Physics is local. The two great pillars of Twentieth Century science, general relativity and quantum mechanics, can be viewed as supplanting the mysticism of ``action at a distance''  and ``force fields,'' by such mundane, self-evident, and intuitive mechanisms as the Riemann curvature tensor, virtual gluons, and the Higgs field. Both of these theories describing the universe in the large and the very small (albeit in mathematically incompatible ways), tell us that all the complex fabric of events we observe are consequences of individual particles locally responding to conditions directly affecting them, whether moving along geodesics in curved spacetime or undergoing interactions through particle exchange. Both theories have withstood all experimental tests to date, including many thought impossible when they were originally propounded.

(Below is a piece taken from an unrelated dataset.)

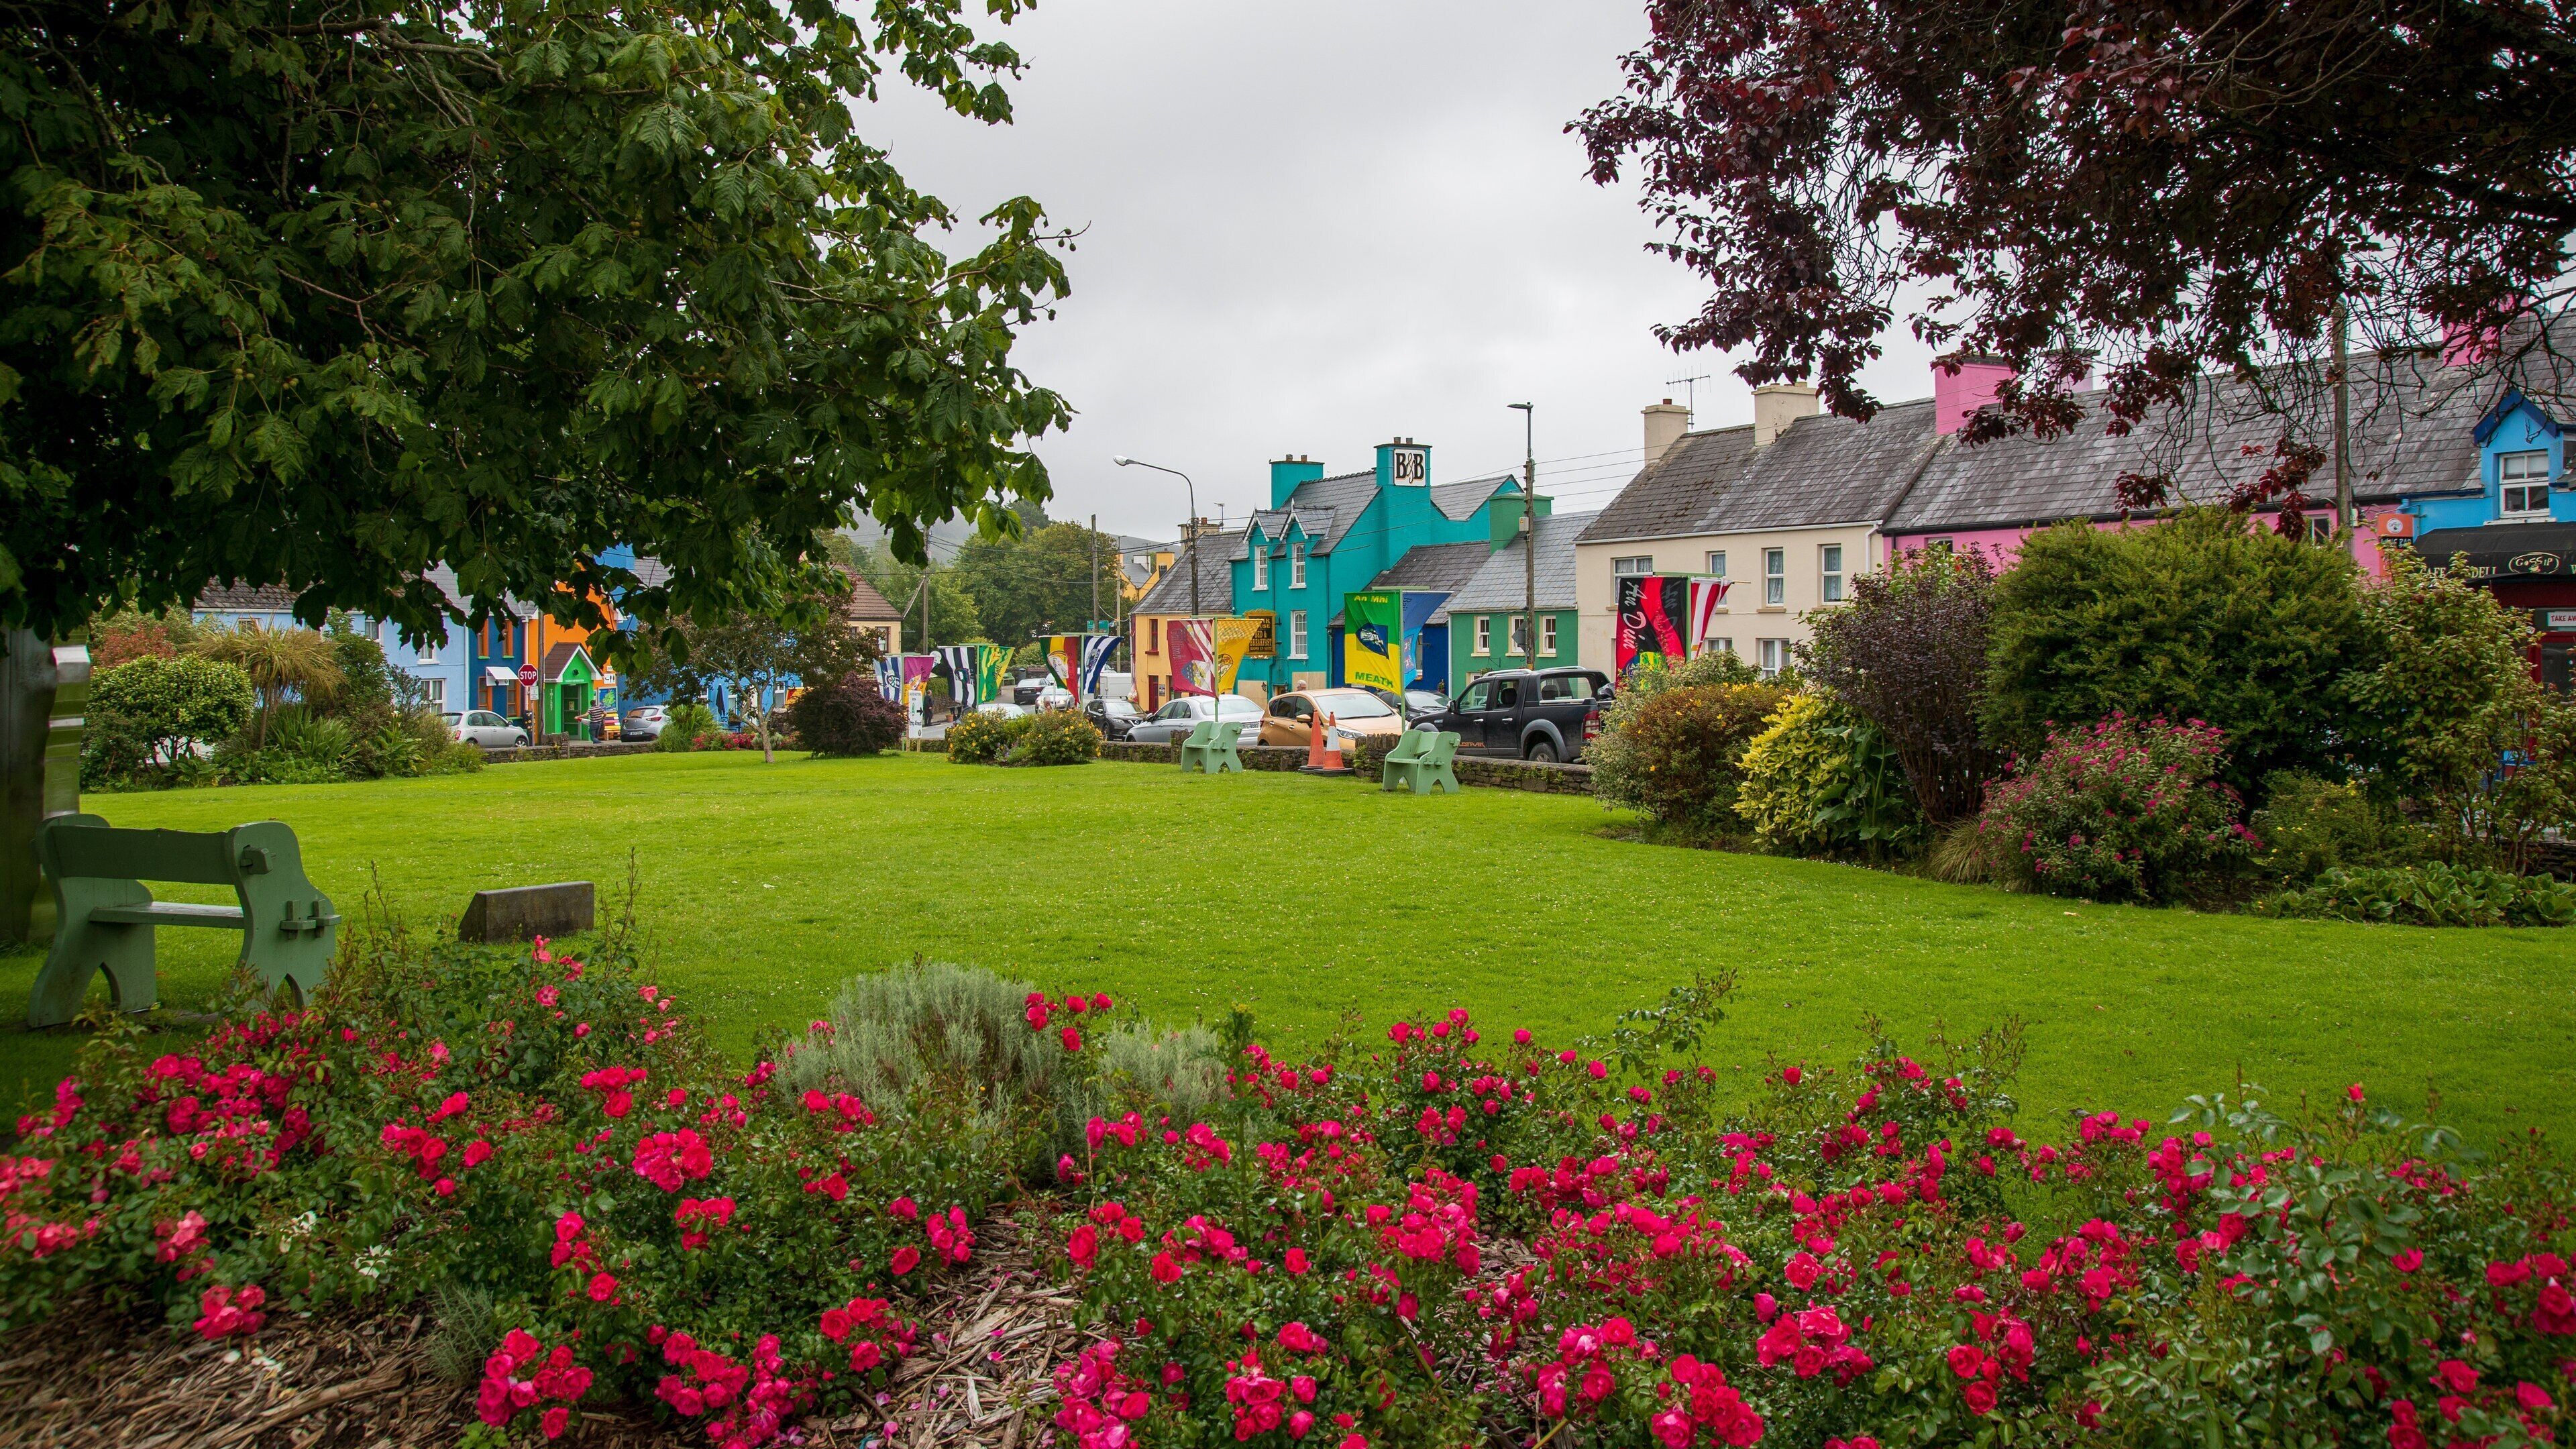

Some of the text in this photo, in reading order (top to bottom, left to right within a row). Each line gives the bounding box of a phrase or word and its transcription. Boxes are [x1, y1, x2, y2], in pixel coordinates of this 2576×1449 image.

A cellular automaton (CA) is a mechanism for modeling systems with local interactions. A cellular automaton is a regular lattice of cells with local state, which interact with their neighbors subject to a uniform rule which governs all cells. The neighborhood (the set of cells whose state can affect a given cell at one instant) can be classified by the dimensionality of the automaton (most experimentation is done with one- or two-dimensional automata), and by the geometric fashion in which cells are interconnected.

The rule is the ``program'' that governs the behavior of the system. All cells apply the rule, over and over, and it is the recursive application of the rule that leads to the remarkable behavior exhibited by many cellular automata. When experimenting with cellular automata, one is primarily engaged in defining new rules which lead to interesting or useful behavior. The programs in the Rudy Rucker CA Lab from Autodesk are tools for the person engaged in such experiments. Our programs allow you to create a rich set of rules and experiment with their behavior without requiring the purchase of expensive special-purpose hardware.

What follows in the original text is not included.